● **Provided records**
----------
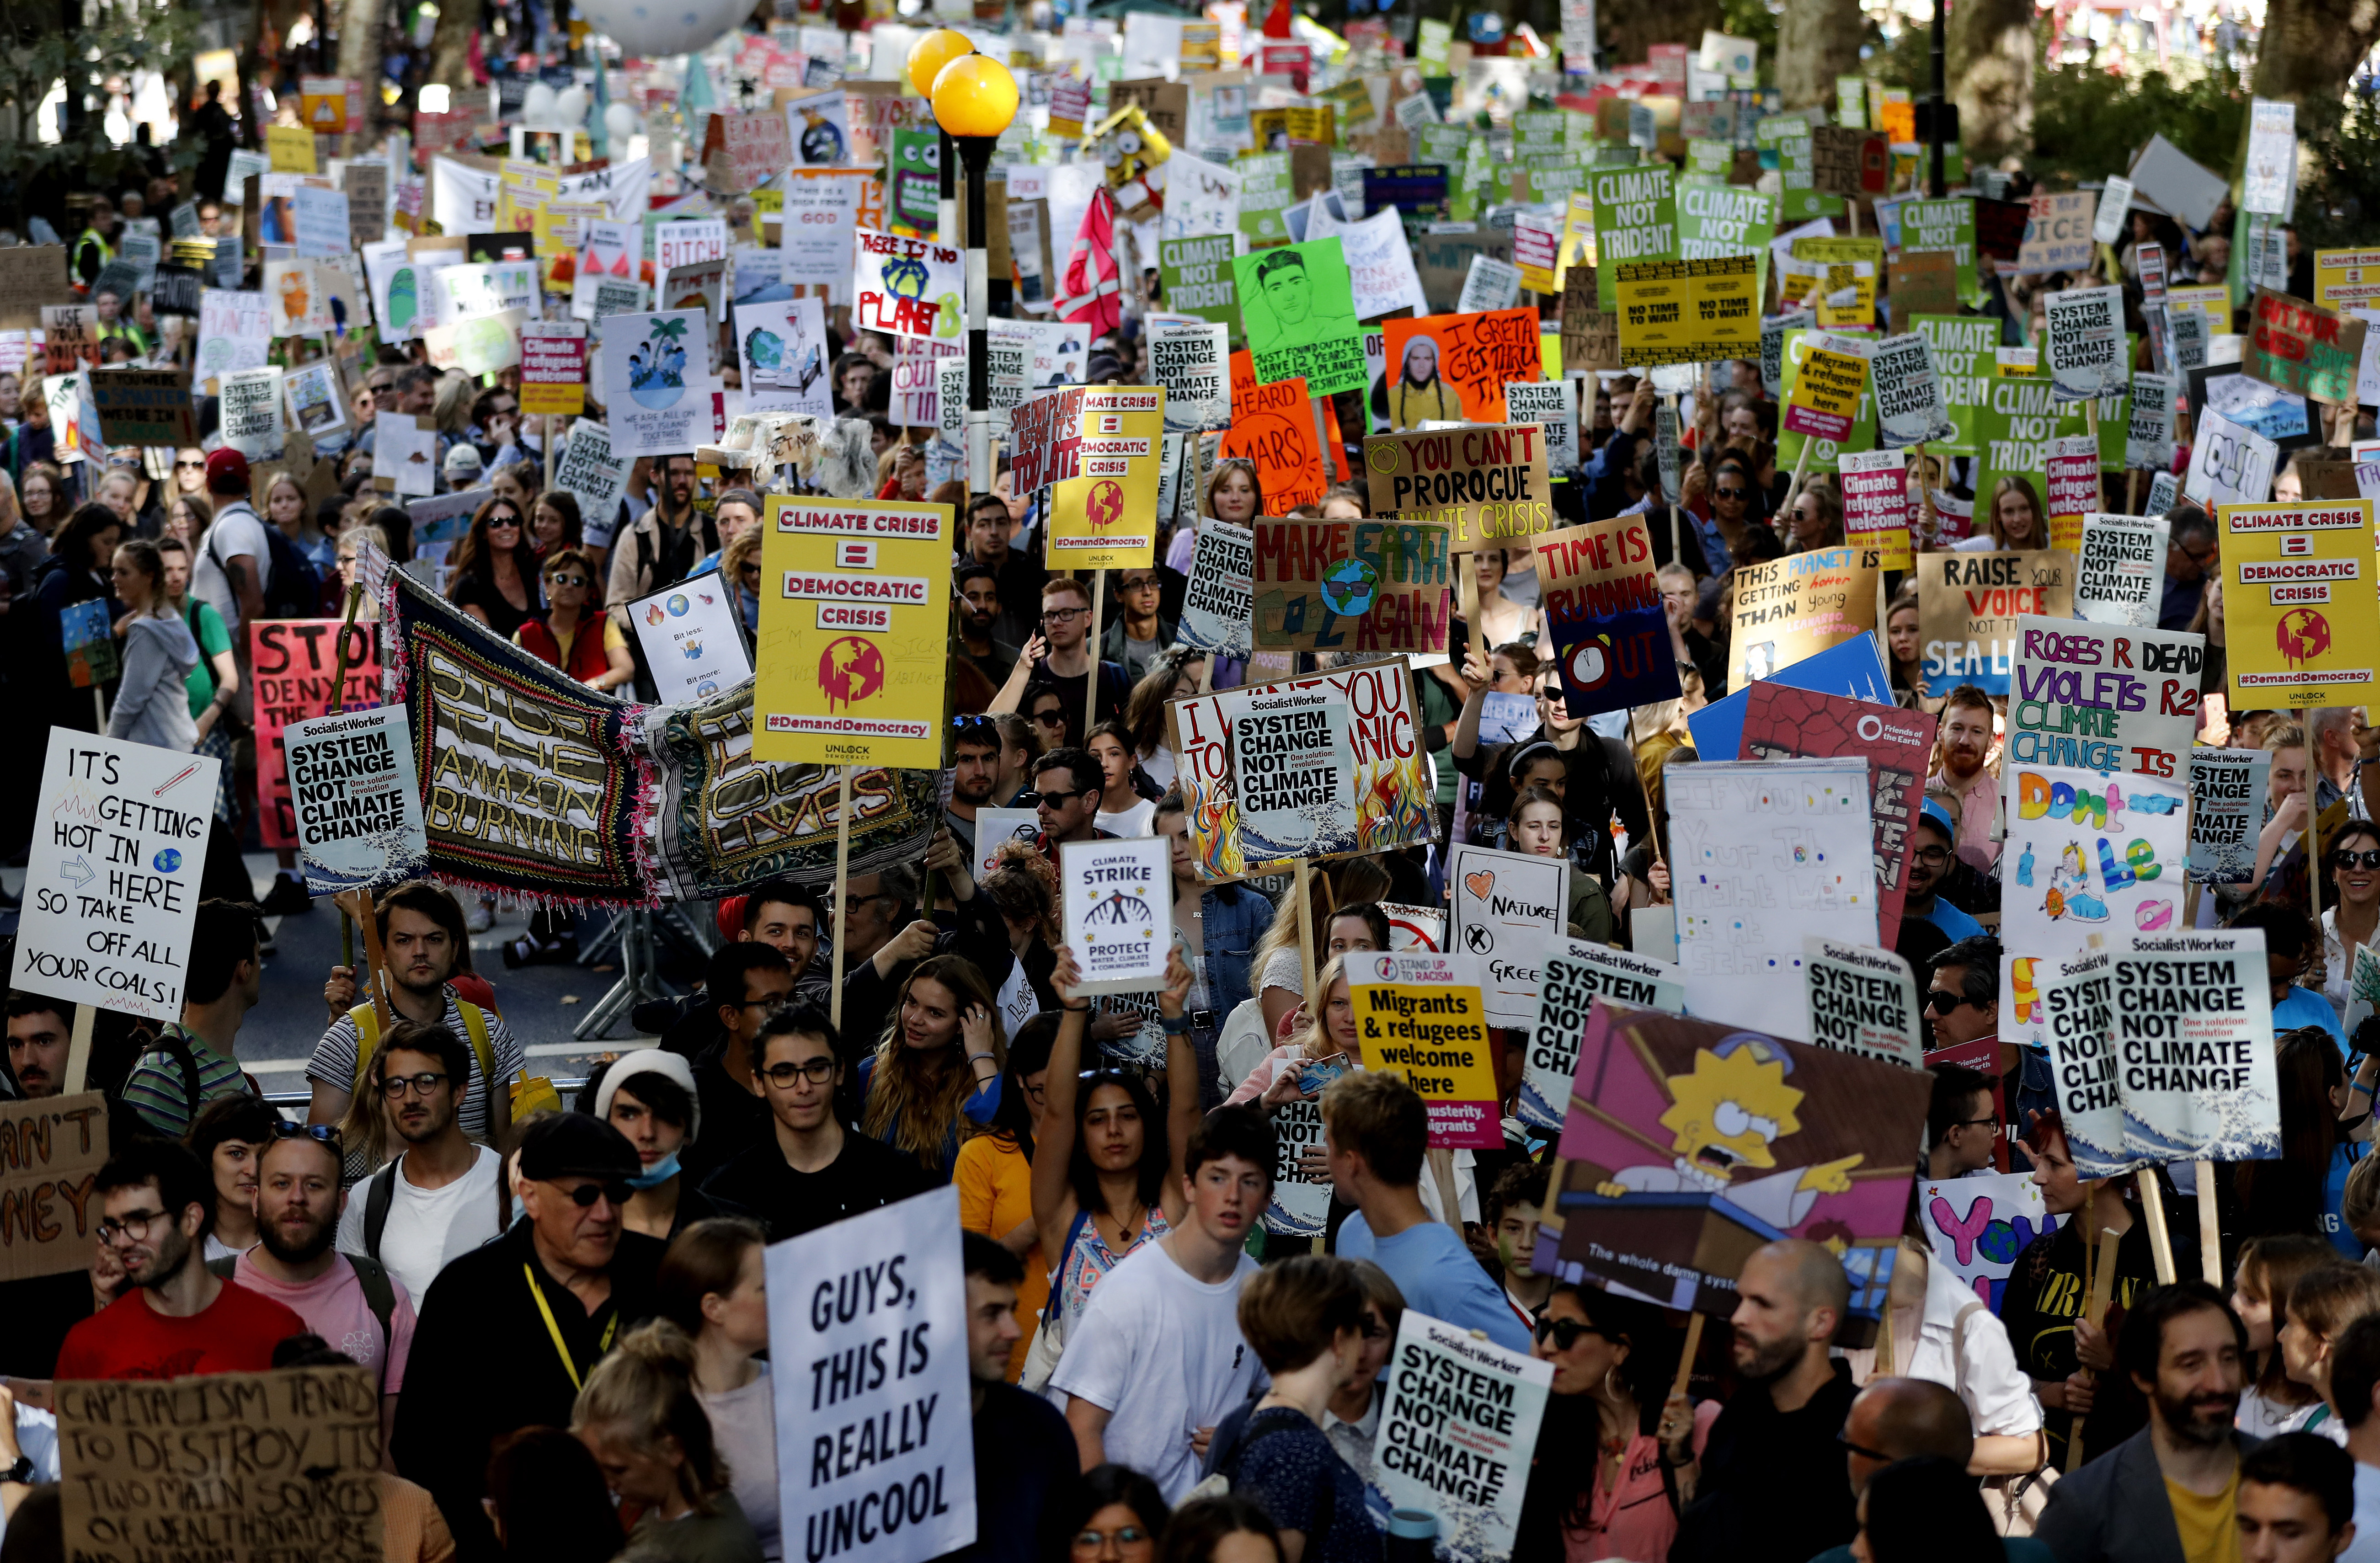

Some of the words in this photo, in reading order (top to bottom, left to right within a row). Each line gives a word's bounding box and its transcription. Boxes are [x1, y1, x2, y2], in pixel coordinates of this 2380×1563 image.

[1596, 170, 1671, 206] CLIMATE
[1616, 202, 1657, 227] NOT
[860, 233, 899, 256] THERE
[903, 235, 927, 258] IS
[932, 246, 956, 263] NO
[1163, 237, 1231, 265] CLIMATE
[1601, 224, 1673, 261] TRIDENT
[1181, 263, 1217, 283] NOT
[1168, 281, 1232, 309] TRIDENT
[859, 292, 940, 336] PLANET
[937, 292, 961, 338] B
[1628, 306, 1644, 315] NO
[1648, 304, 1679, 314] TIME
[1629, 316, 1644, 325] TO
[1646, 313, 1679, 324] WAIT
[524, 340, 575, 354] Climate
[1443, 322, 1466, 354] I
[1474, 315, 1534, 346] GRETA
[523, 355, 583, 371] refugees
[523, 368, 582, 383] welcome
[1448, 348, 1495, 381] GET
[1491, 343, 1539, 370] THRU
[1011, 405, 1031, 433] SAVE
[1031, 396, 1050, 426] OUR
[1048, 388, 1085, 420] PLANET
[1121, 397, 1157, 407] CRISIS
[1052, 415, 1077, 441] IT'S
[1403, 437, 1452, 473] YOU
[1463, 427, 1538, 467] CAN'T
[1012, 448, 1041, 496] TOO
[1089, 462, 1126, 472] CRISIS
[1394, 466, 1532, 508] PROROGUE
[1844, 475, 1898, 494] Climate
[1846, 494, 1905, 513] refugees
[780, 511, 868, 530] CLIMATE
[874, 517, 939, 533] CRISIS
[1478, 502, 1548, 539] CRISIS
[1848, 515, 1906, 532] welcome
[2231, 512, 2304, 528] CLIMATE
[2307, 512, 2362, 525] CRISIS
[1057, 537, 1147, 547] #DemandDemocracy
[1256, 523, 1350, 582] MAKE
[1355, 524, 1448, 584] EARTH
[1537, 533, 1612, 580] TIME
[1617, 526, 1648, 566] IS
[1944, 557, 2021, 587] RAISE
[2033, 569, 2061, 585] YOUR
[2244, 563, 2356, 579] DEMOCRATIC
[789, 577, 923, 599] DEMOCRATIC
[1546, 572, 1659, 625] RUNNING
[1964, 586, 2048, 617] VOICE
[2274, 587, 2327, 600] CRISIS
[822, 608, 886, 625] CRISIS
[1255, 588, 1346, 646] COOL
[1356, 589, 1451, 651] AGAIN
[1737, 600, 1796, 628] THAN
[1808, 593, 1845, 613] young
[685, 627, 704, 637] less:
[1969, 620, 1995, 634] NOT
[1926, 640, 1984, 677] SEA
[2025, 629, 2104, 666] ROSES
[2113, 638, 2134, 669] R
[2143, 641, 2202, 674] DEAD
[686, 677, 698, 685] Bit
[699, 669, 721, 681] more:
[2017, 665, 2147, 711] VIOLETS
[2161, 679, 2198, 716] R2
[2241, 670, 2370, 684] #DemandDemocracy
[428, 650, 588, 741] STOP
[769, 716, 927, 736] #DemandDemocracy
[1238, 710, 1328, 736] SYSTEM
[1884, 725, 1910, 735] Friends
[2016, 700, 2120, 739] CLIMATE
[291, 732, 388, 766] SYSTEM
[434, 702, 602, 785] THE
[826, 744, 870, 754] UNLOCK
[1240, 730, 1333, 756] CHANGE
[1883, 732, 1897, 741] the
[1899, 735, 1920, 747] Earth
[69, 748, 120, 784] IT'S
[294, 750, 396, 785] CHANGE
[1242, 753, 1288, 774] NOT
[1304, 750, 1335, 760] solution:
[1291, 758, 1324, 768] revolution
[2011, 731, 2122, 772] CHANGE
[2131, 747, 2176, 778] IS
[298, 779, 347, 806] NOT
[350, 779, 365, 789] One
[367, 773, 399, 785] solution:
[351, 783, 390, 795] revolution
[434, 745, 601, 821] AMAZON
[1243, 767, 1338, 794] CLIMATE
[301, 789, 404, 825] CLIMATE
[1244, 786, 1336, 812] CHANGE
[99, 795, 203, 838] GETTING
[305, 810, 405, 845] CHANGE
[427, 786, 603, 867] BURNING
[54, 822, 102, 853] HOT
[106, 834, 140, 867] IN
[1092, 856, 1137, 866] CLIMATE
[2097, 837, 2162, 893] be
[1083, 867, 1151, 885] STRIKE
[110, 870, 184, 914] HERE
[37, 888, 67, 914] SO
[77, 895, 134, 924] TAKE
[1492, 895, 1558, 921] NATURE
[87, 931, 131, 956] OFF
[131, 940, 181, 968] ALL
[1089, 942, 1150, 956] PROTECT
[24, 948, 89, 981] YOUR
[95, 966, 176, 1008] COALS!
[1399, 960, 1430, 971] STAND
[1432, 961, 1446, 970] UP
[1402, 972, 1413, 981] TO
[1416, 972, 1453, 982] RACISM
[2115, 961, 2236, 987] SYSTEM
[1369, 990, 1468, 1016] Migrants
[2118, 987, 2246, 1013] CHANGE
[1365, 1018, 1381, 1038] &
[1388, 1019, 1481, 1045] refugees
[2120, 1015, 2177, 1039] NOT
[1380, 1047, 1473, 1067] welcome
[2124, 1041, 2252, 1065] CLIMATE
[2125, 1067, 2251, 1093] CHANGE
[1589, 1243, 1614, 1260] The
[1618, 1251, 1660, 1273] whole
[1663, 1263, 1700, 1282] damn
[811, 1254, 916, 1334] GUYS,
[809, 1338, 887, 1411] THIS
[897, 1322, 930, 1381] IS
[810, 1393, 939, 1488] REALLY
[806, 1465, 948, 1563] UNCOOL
----------
● **Work order**
From the entries above, extract each line containing "DemandDemocracy".

● **Exercise answer**
[1057, 537, 1147, 547] #DemandDemocracy
[2241, 670, 2370, 684] #DemandDemocracy
[769, 716, 927, 736] #DemandDemocracy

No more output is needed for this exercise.